The 'slow' block slows down the entire game for several seconds, making it easier to navigate through tricky situations. I think it has the least utility out of the current block types, but it can still create interesting situations.


Reverse block

The reverse block will completely flip the direction of the snake which touched it. On its own it's not very interesting, but combined with obstacles and other gameplay mechanics it can create pretty unique ways to complete levels.. or accidentally kill yourself. :)


I have had a few other ideas for block types, but most have significant overlap with the current blocks and I want to try to keep the functionality of every block as separate as possible.

Implementing bloom in Snayke

Many games utilize bloom to enhance the sense of brightness of lights and increase realism, but in Snayke it's purely an aesthetic choice, although often fairly subtle. Bloom describes situations where the colors of very bright things appear to bleed onto their surroundings. To achieve this in a computer program, the bright parts of the screen need to be extracted, blurred, and added back onto the final product to be displayed to the user.


Screen with no bloom

Initial scene with no bloom

As with all post-processing effects, Snayke's bloom needs to be able to access the entire screen each frame. In order to do that, the game renders almost everything to an off-screen framebuffer rather than the main screen. 

Because it was operating on the entire game scene, my initial implementation would apply bloom to the background tiles as well if they were bright enough. This ended up making the scene look a little muddy, so in order for the game to only bloom objects I want, it re-draws just those things to a second fullscreen framebuffer.

Once that is done, it draws the second framebuffer to a much smaller one (1/4th the size of the screen in Snayke), using a shader which determines the luminance of each pixel and discards those which aren't bright enough. The size of the framebuffer is dependent on the game, because in many situations the loss of quality due to downscaling can be very noticeable, especially in less grid-like environments than Snayke's.


screenshot


The next step is to apply blur to the small "cut-out" of what we want bloomed, so that it will appear to bleed onto the rest of the scene later. Snayke's implementation uses a version of the shaders described here, which make clever use of the linear sampling used by GPUs. 2D gaussian blur can be done in one pass, but it's generally more efficient to separate it into individual vertical and horizontal passes.

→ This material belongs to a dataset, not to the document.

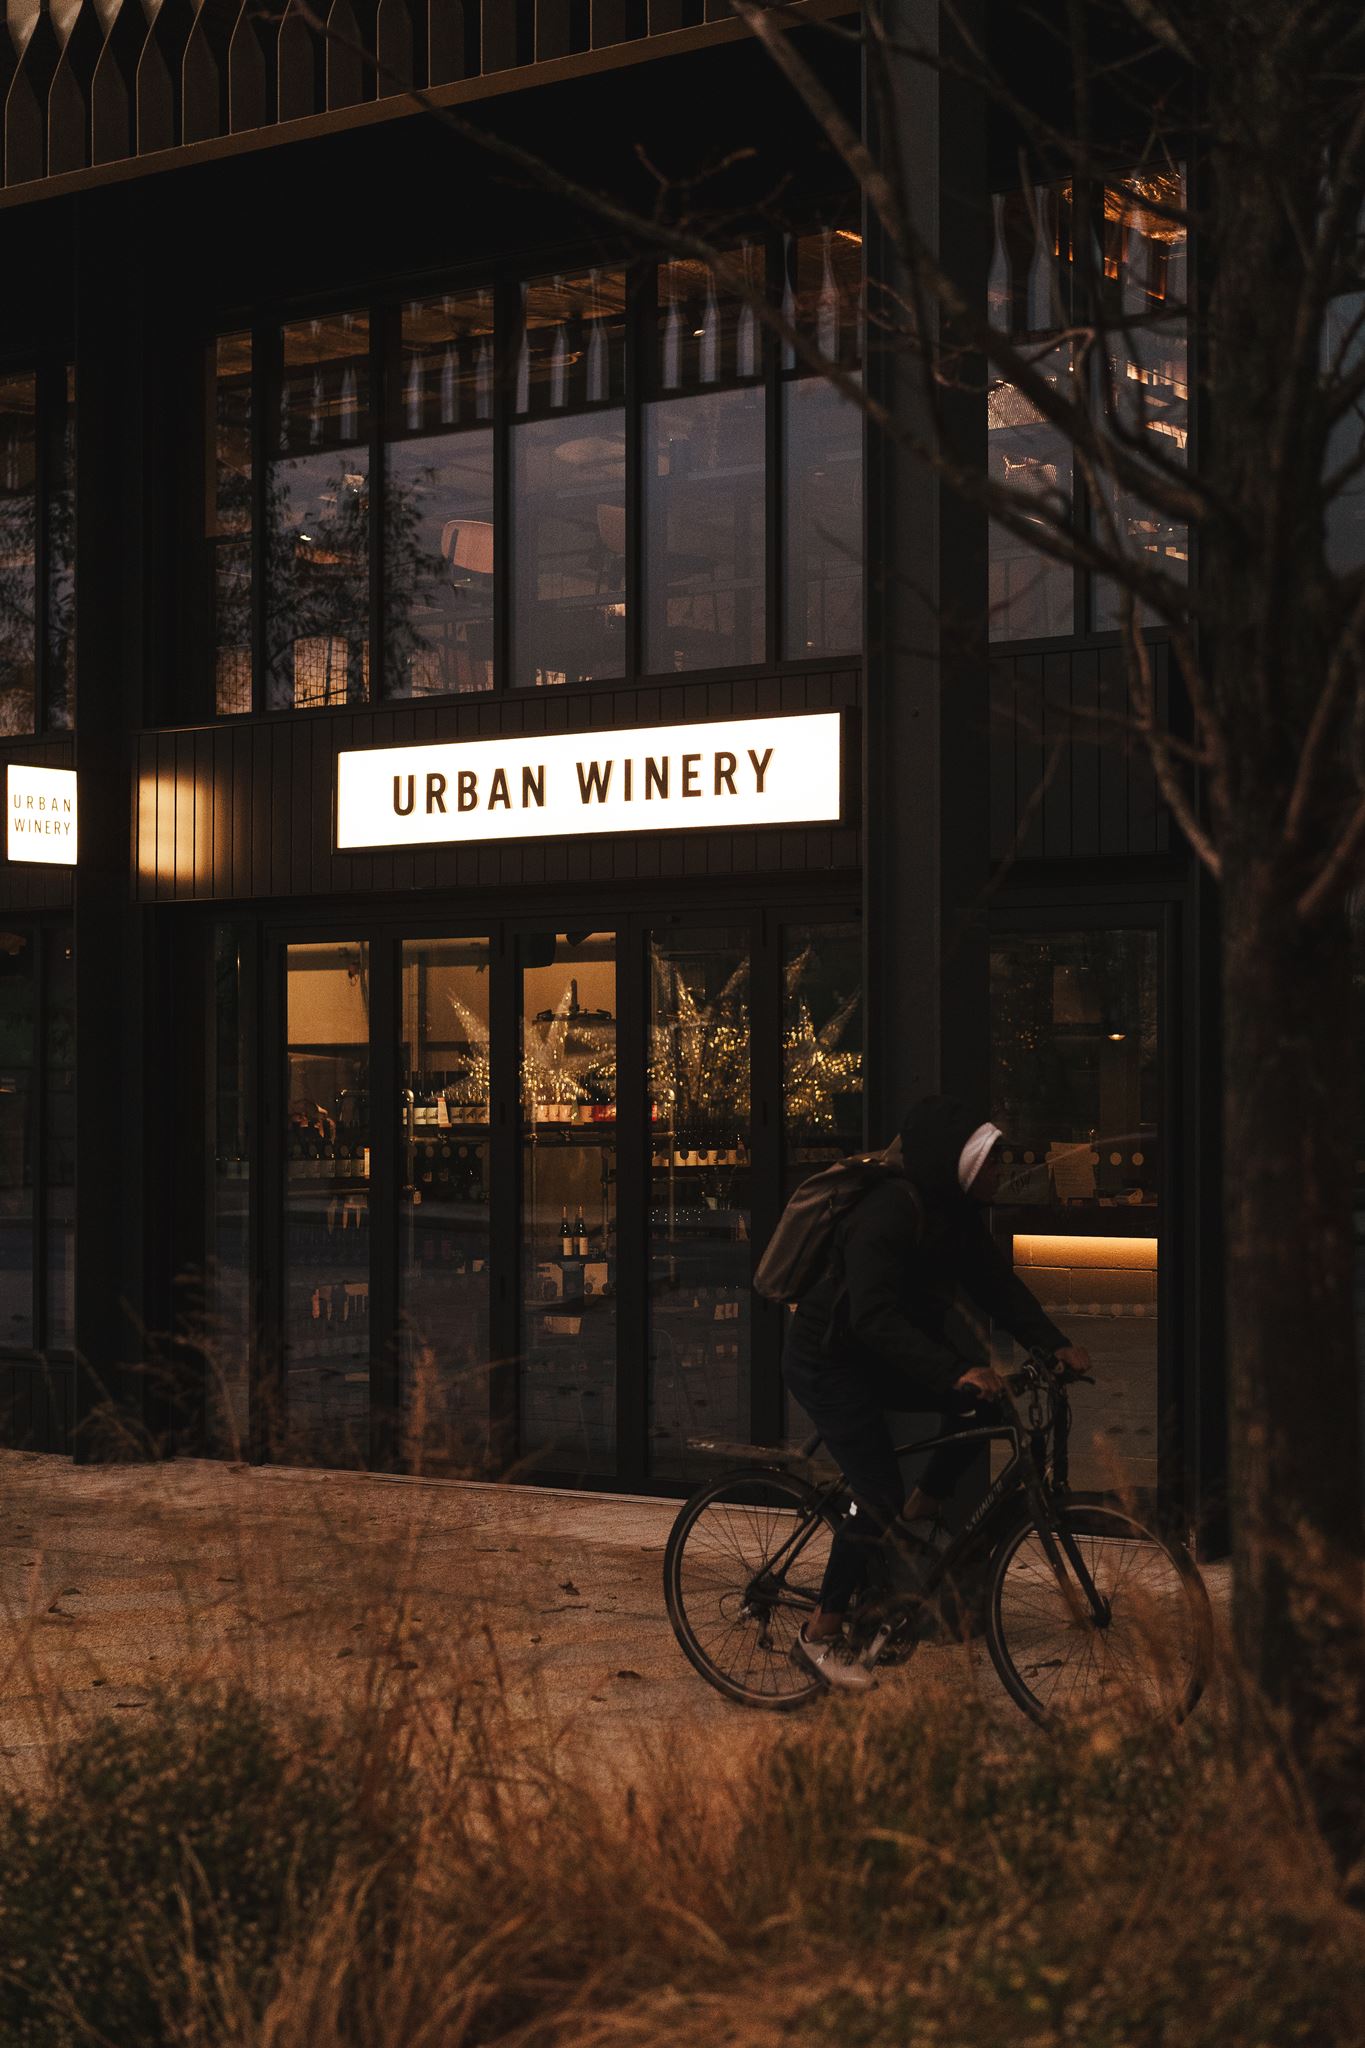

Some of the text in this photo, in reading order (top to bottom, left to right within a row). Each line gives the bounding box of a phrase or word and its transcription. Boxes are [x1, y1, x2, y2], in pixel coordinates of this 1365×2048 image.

To apply the blur, the previous cut-out framebuffer is drawn to a new framebuffer of the same size using the horizontal blur shader, and then that framebuffer is drawn to another one using the vertical shader. The end result is a nicely blurred image of the bright parts of our scene.


Horizontal blur

Horizontal blur pass

Vertical blur

Vertical blur pass


The final step is to draw the original full-size framebuffer of the scene, using a shader which upscales and adds the color of the quarter-size blurred framebuffer to the color of the original scene. Using a smaller framebuffer for the blurring process both improves performance and increases the blurriness of the end product by taking advantage of linear filtering when it's scaled.

In order to prevent the bloomed parts of the scene from becoming overly bright or washed out, Snayke's combine shader multiplies the color of the original framebuffer by 1 - bloomcolor before adding the bloom color to the original color.


Final scene

Final scene with bloom applied

On my Macbook Pro running Snayke at 720p, the render time of each frame while using bloom increases by ~1.1ms using my AMD Radeon 6750m video card, and ~2.3ms with my integrated Intel HD 3000. I could probably find ways to optimize it more, but the game has no performance issues even though bloom is the main bottleneck, so I don't think I really need to fiddle with anything at this point.